Omit the images and retype the records verbatim.

(Beginning of Provided data)

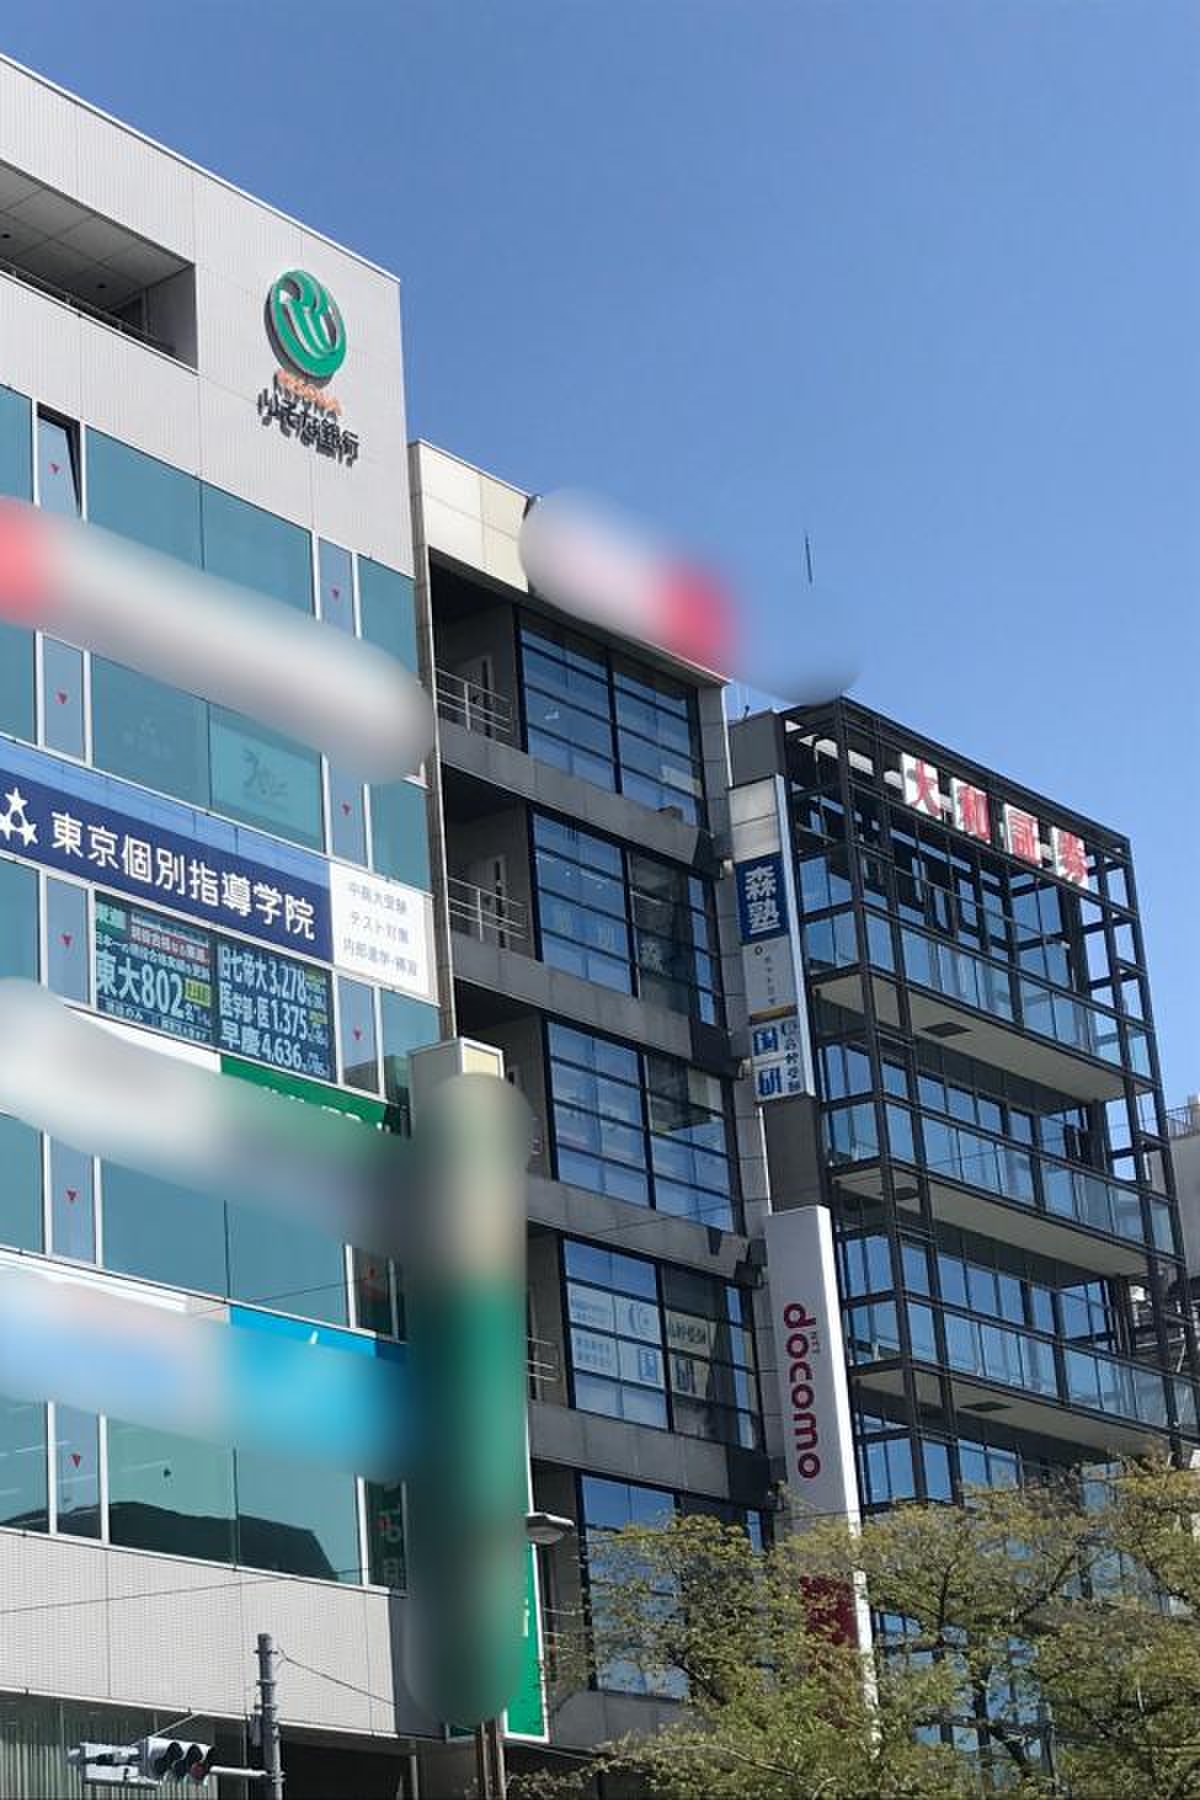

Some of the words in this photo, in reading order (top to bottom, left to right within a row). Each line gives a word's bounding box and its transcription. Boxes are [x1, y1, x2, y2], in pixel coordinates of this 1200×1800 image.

[256, 387, 360, 467] りそな銀行
[50, 811, 316, 941] 東京個別指導学院
[904, 755, 1090, 885] 大和証券
[744, 864, 781, 935] 森塾
[784, 1303, 821, 1479] docomo
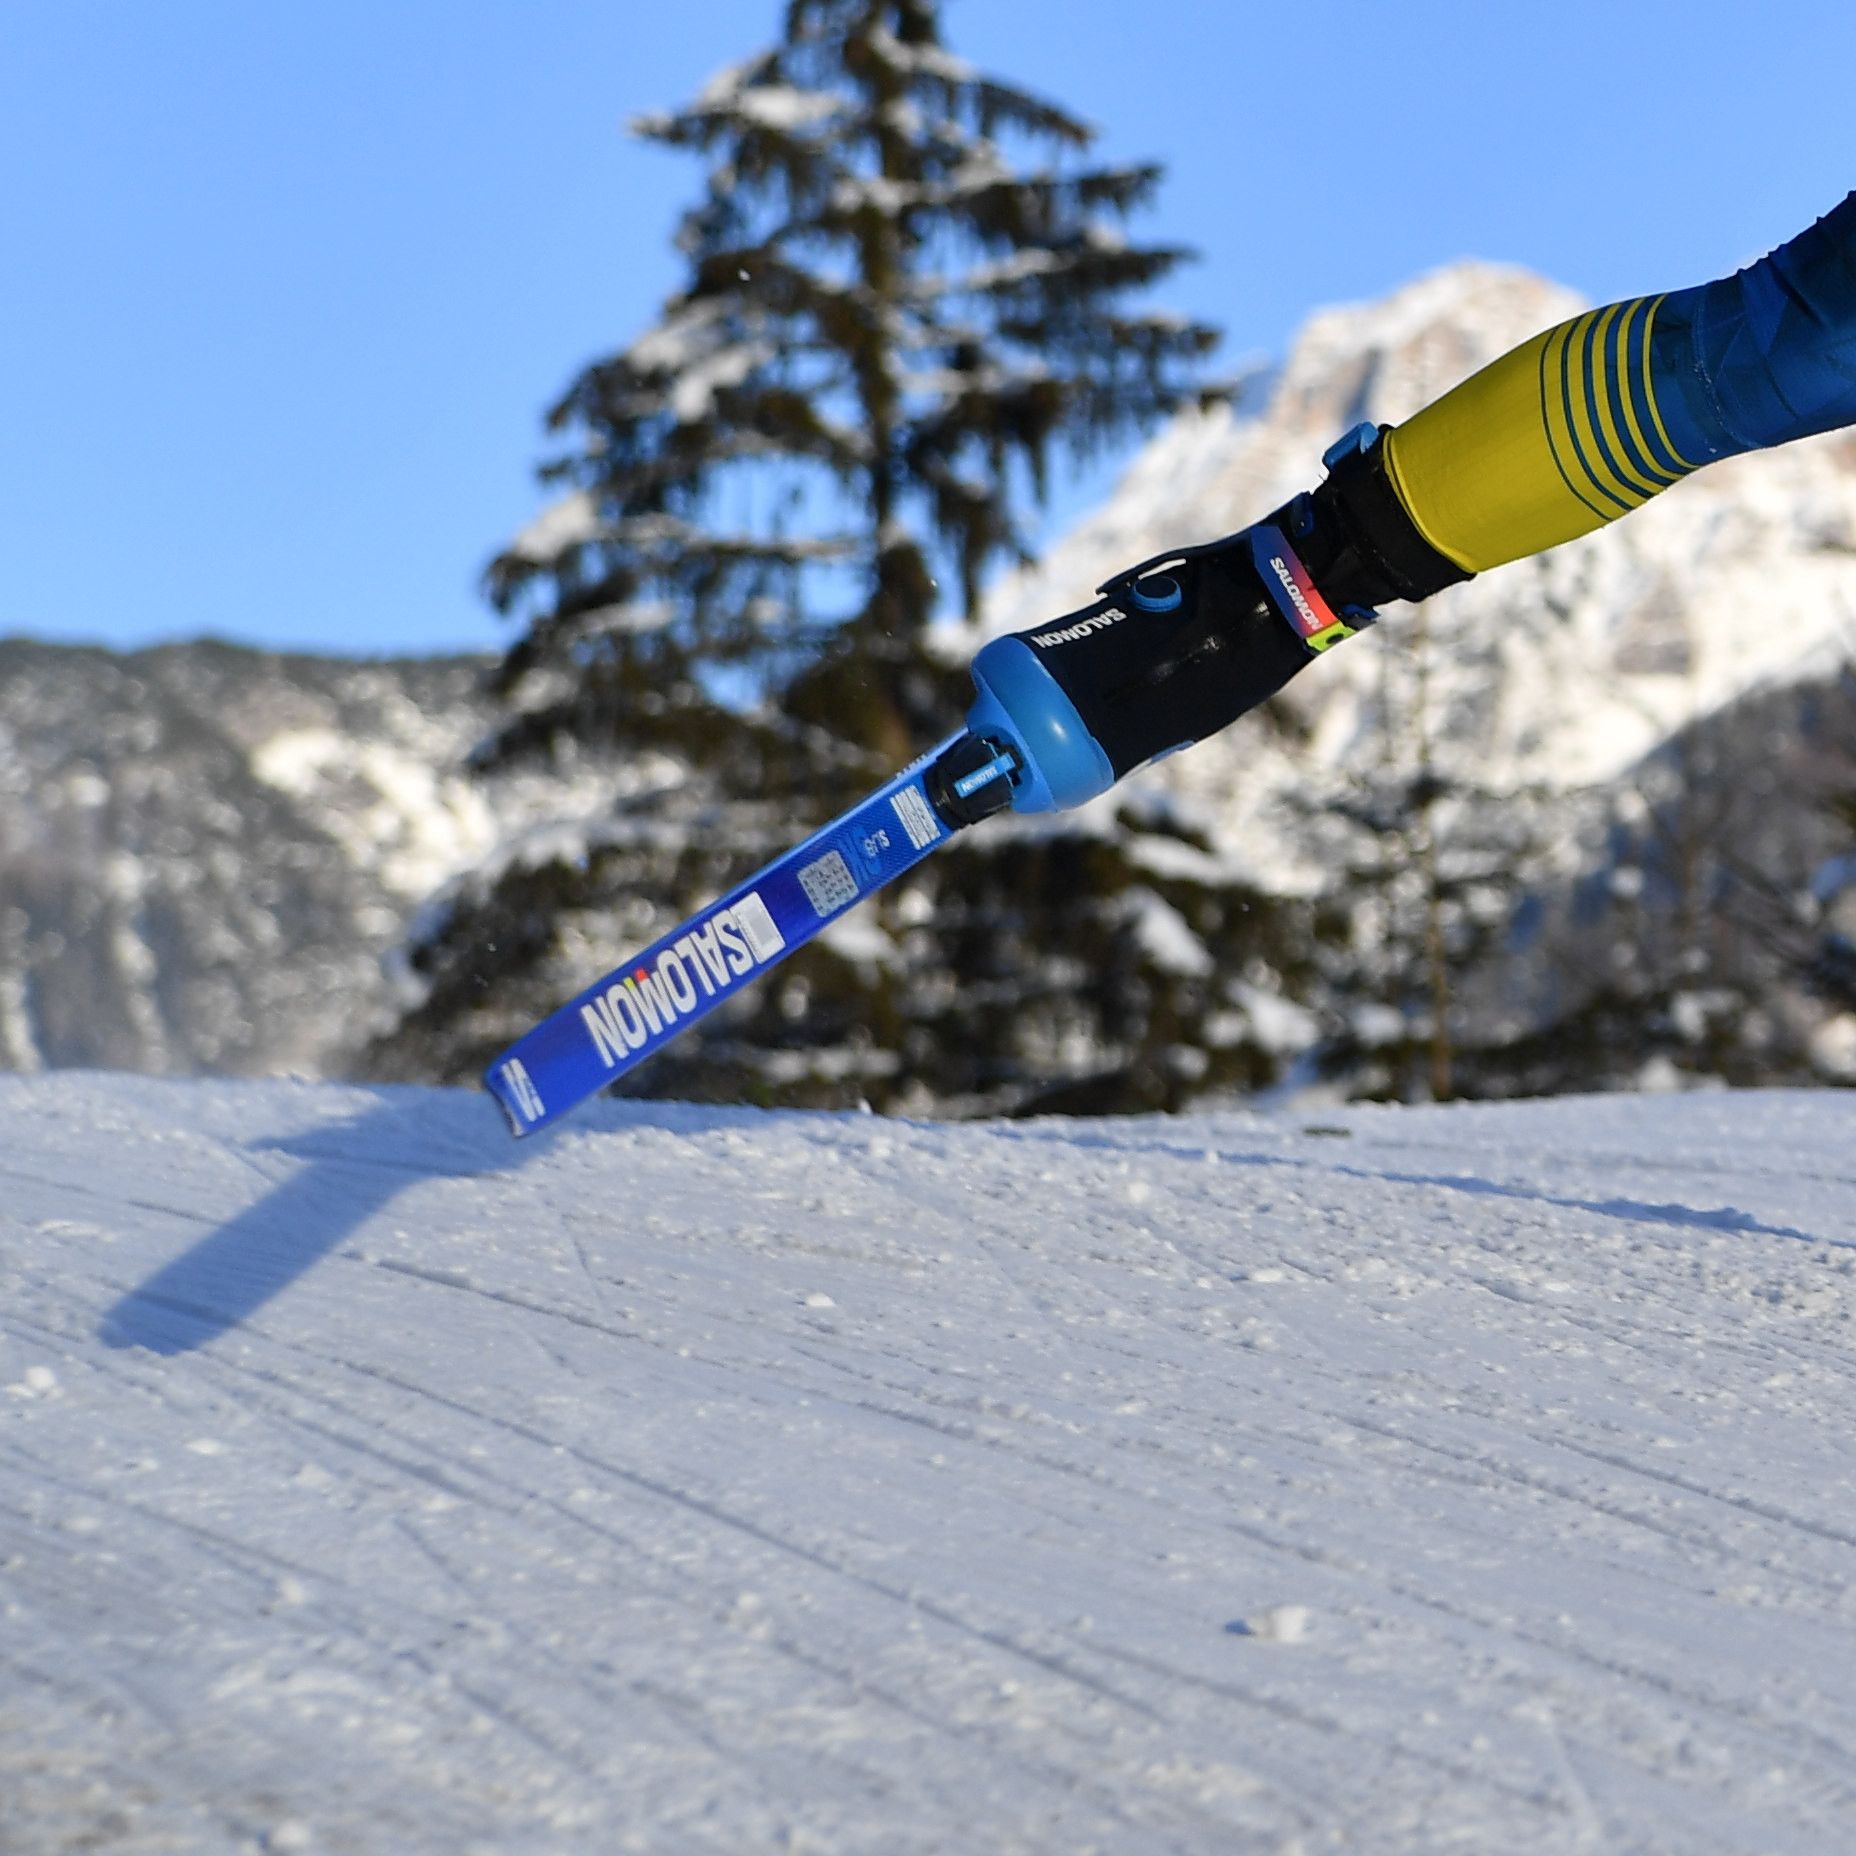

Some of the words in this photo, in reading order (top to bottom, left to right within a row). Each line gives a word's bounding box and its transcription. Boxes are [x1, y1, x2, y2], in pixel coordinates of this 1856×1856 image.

[1030, 607, 1128, 650] SALOMON
[1269, 556, 1323, 630] SALOMON
[579, 908, 755, 1069] SALOMON

(End of Provided data)

▶ [Written solution]:
Some of the words in this photo, in reading order (top to bottom, left to right within a row). Each line gives a word's bounding box and its transcription. Boxes are [x1, y1, x2, y2], in pixel coordinates of this 1200×1800 image.

[256, 387, 360, 467] りそな銀行
[50, 811, 316, 941] 東京個別指導学院
[904, 755, 1090, 885] 大和証券
[744, 864, 781, 935] 森塾
[784, 1303, 821, 1479] docomo

Some of the words in this photo, in reading order (top to bottom, left to right within a row). Each line gives a word's bounding box and its transcription. Boxes are [x1, y1, x2, y2], in pixel coordinates of this 1856×1856 image.

[1030, 607, 1128, 650] SALOMON
[1269, 556, 1323, 630] SALOMON
[579, 908, 755, 1069] SALOMON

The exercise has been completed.